#### [Problem description]
Pictures are to be left out. Return exactly the lines below from the one with "this 1600×1200 image." up to and including the one with "this 1326×1884 image.".

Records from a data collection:
:::::

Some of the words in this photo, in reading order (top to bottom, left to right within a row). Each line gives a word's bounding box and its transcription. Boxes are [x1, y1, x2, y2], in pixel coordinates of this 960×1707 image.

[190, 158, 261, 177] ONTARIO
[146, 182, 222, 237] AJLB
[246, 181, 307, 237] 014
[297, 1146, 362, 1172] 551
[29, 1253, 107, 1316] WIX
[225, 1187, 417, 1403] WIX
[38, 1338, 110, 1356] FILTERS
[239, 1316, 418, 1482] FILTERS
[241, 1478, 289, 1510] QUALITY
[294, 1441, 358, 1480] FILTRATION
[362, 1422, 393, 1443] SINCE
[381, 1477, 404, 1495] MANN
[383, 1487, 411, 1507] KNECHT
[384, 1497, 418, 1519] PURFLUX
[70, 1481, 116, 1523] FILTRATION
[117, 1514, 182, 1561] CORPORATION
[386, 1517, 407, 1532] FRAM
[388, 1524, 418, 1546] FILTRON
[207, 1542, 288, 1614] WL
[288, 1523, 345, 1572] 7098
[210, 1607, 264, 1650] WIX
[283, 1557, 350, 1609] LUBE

:::::

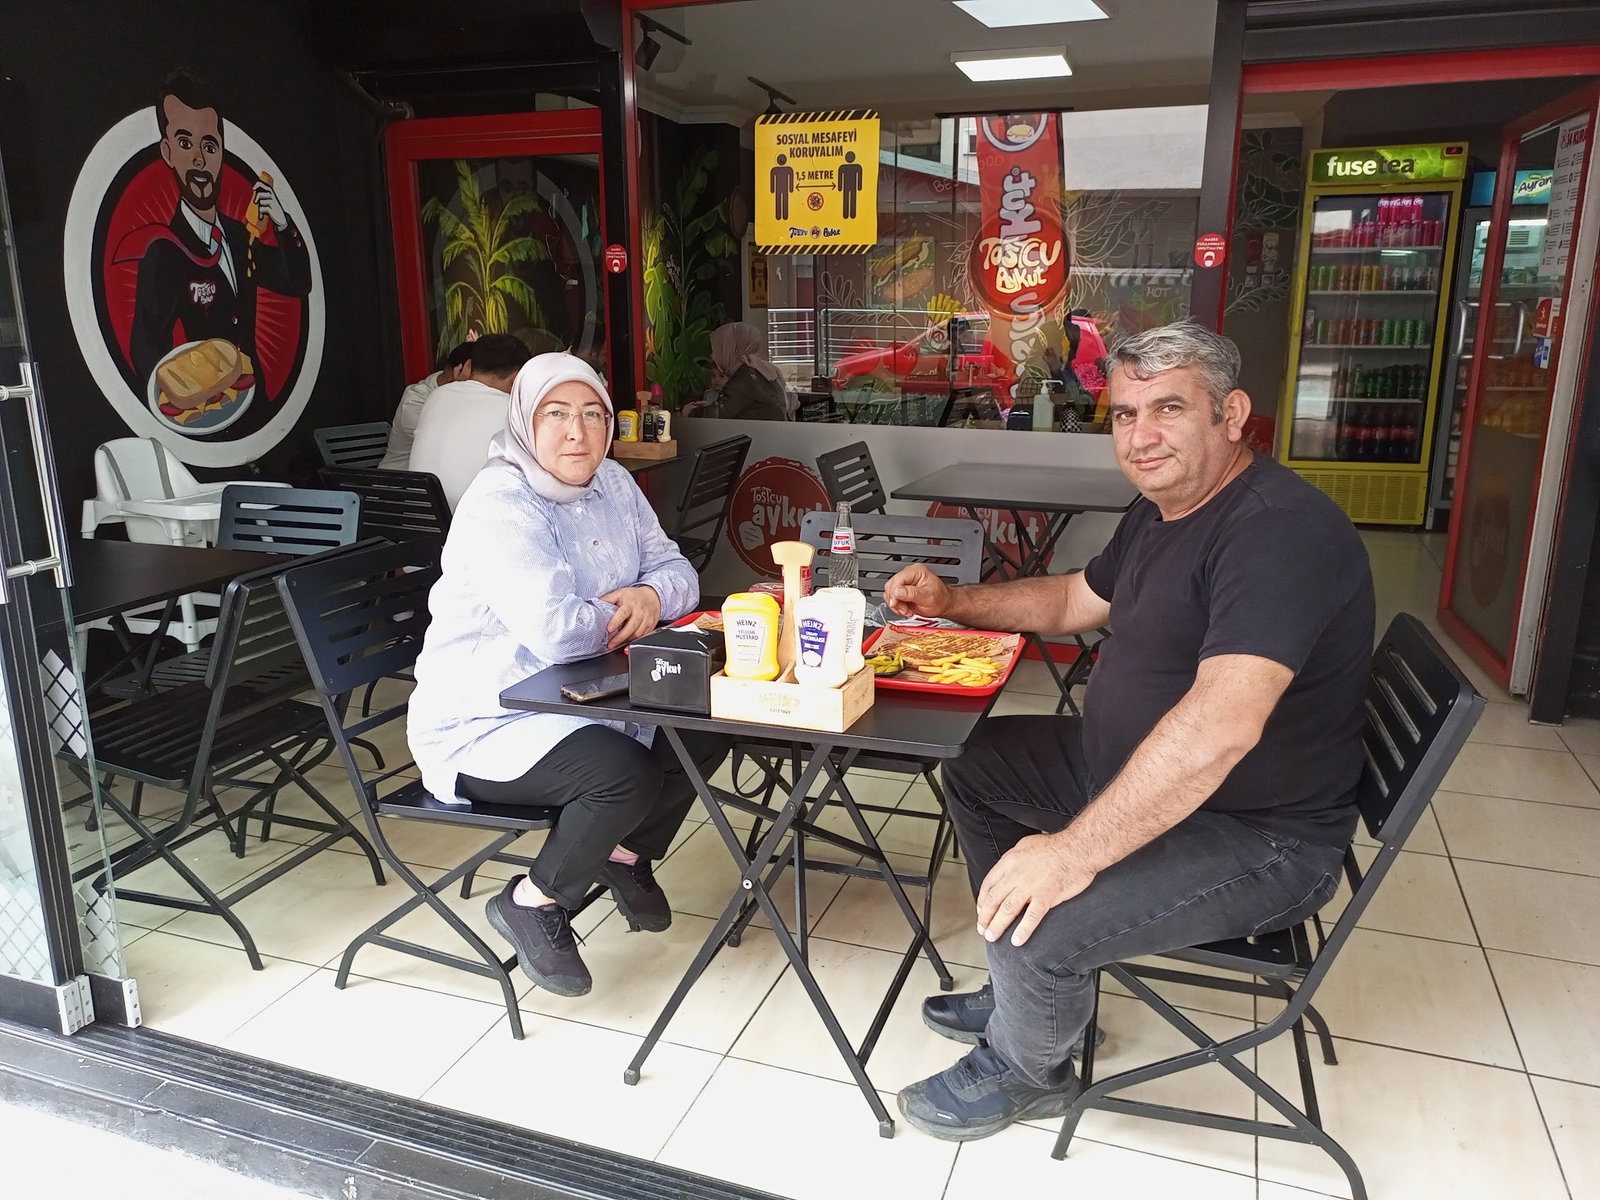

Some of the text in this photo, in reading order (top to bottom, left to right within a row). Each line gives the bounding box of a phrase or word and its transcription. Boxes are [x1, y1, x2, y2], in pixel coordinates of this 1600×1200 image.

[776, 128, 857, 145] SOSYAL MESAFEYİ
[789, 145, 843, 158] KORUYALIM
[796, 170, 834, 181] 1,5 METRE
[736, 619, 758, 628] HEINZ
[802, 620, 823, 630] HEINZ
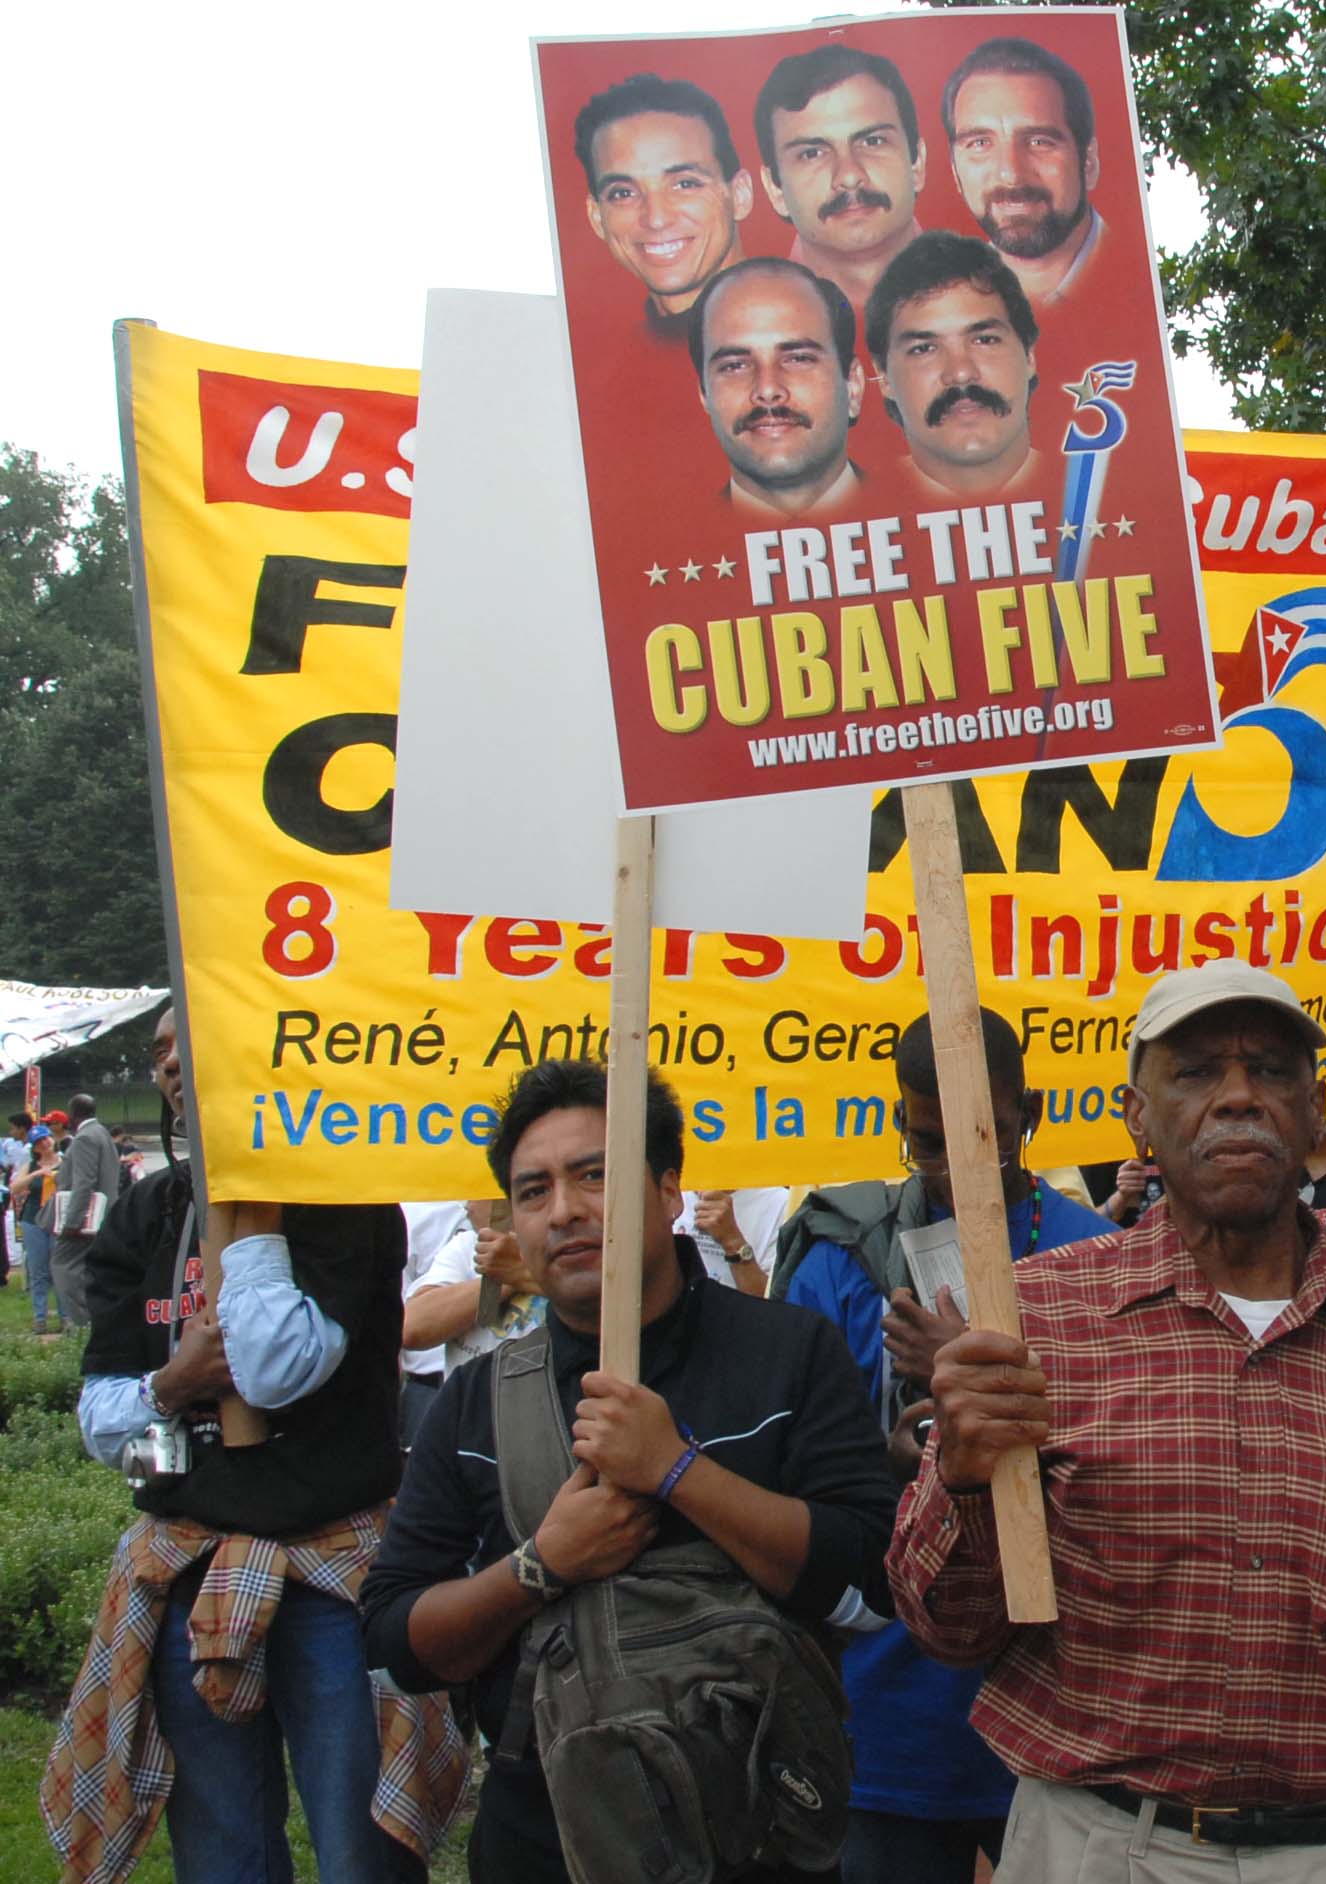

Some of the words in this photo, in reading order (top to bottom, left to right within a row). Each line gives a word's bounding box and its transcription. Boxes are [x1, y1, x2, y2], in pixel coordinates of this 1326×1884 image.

:::::

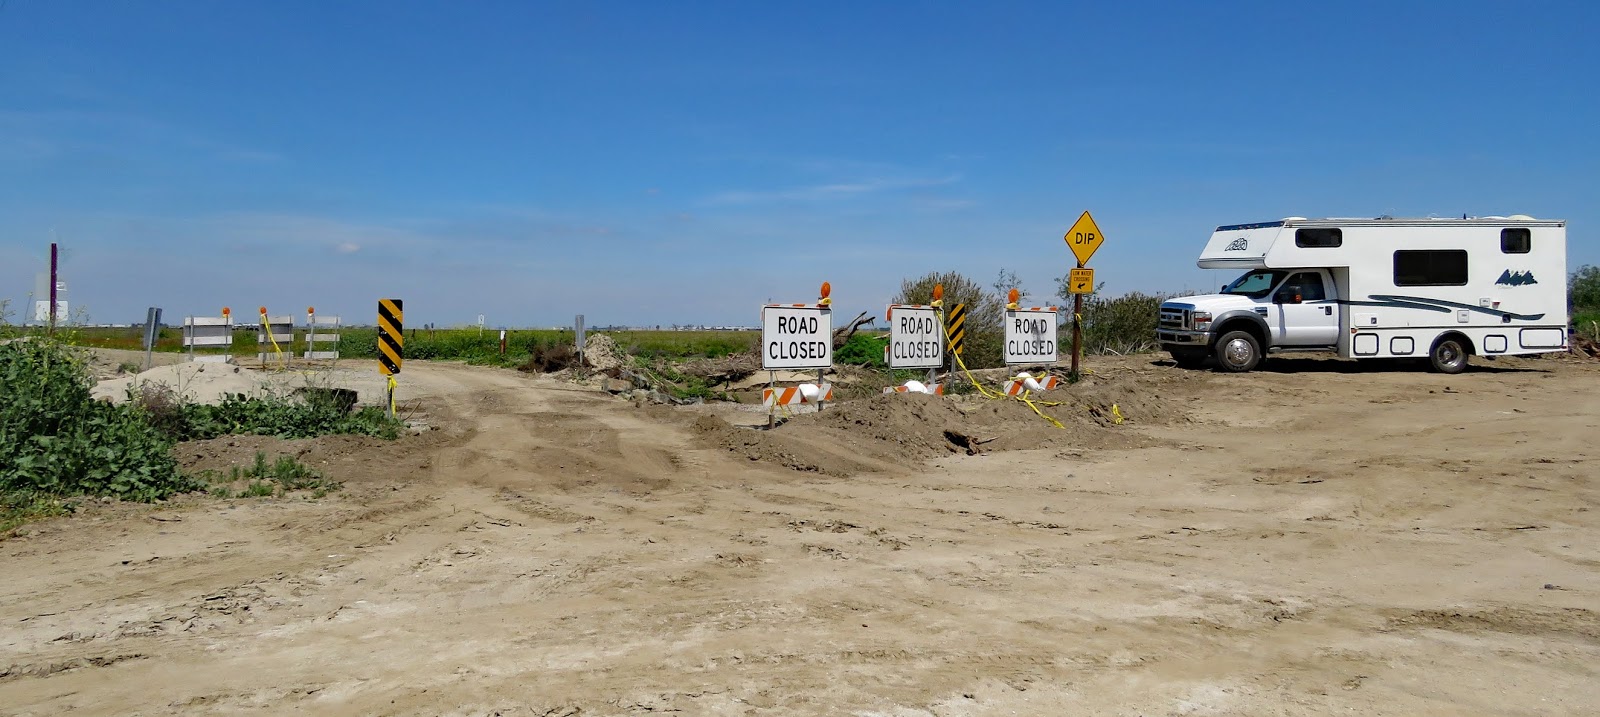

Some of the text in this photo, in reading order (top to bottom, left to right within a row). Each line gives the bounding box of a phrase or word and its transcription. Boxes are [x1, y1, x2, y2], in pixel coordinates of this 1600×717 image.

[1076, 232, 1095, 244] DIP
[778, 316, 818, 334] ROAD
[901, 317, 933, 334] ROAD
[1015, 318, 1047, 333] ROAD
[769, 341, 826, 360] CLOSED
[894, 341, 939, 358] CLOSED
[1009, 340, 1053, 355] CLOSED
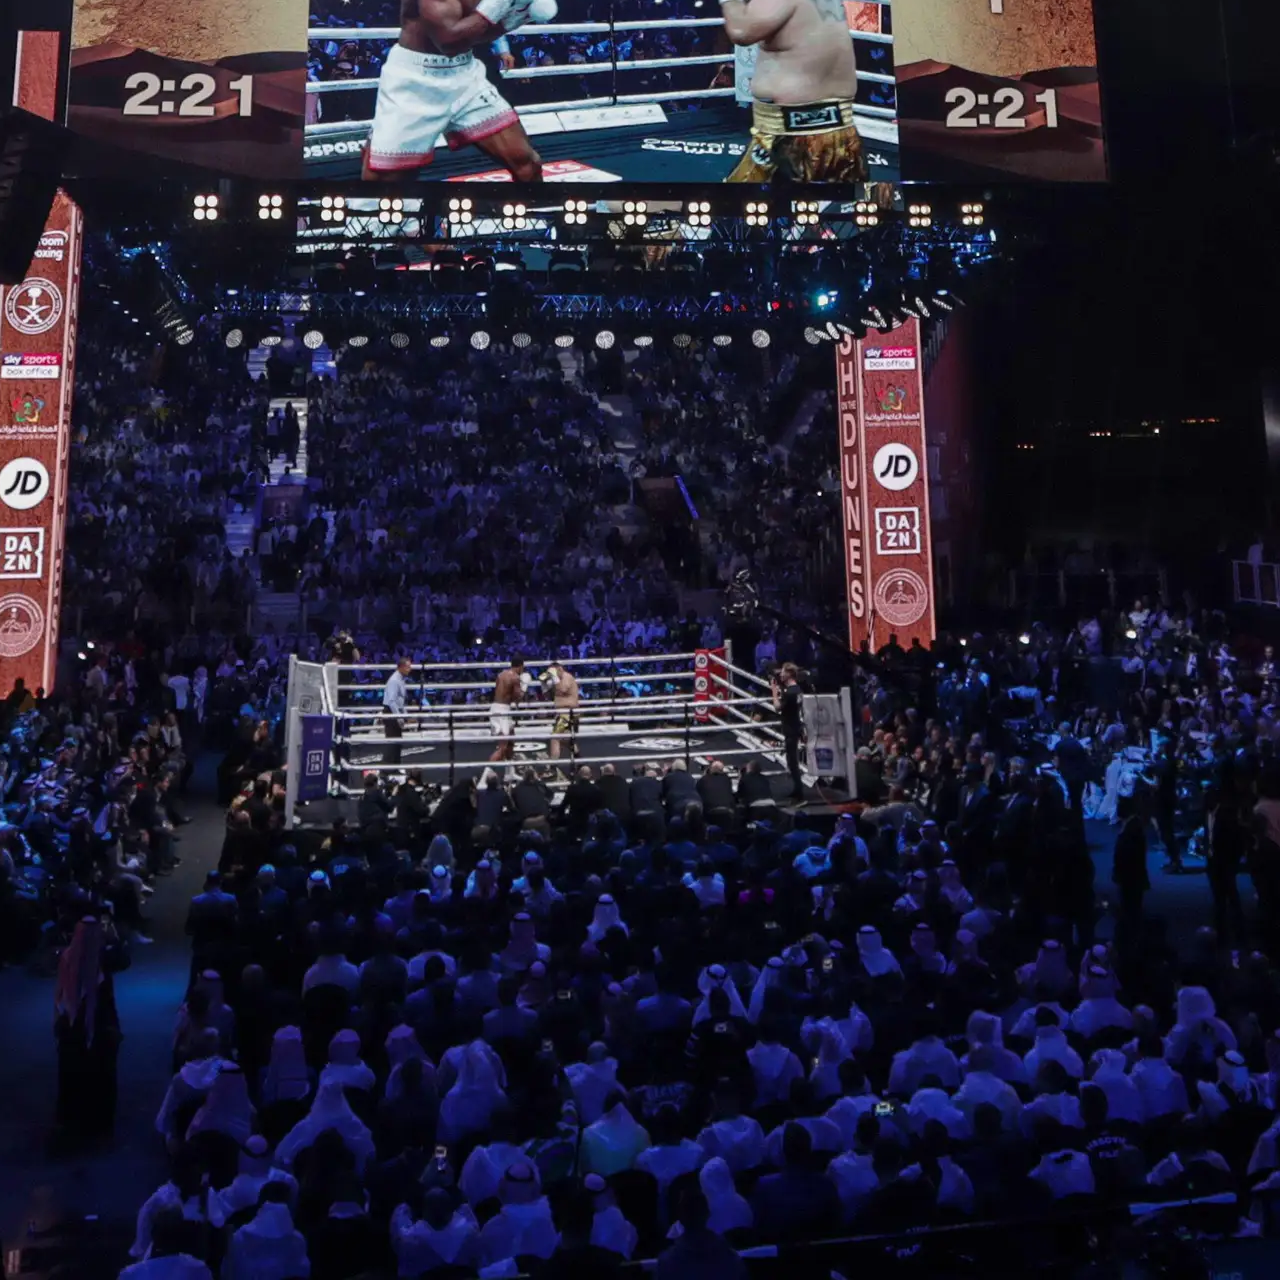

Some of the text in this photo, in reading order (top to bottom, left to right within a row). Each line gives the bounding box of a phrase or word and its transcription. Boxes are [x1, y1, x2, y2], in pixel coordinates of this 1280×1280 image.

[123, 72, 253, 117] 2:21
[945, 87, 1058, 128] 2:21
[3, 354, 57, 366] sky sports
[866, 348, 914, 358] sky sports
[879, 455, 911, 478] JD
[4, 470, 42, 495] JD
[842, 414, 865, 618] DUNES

:::::

#### [Exercise solution]
Some of the text in this photo, in reading order (top to bottom, left to right within a row). Each line gives the bounding box of a phrase or word and its transcription. Boxes are [x1, y1, x2, y2], in pixel coordinates of this 1600×1200 image.

[776, 128, 857, 145] SOSYAL MESAFEYİ
[789, 145, 843, 158] KORUYALIM
[796, 170, 834, 181] 1,5 METRE
[736, 619, 758, 628] HEINZ
[802, 620, 823, 630] HEINZ

Some of the words in this photo, in reading order (top to bottom, left to right within a row). Each line gives a word's bounding box and its transcription. Boxes are [x1, y1, x2, y2], in pixel coordinates of this 1326×1884 image.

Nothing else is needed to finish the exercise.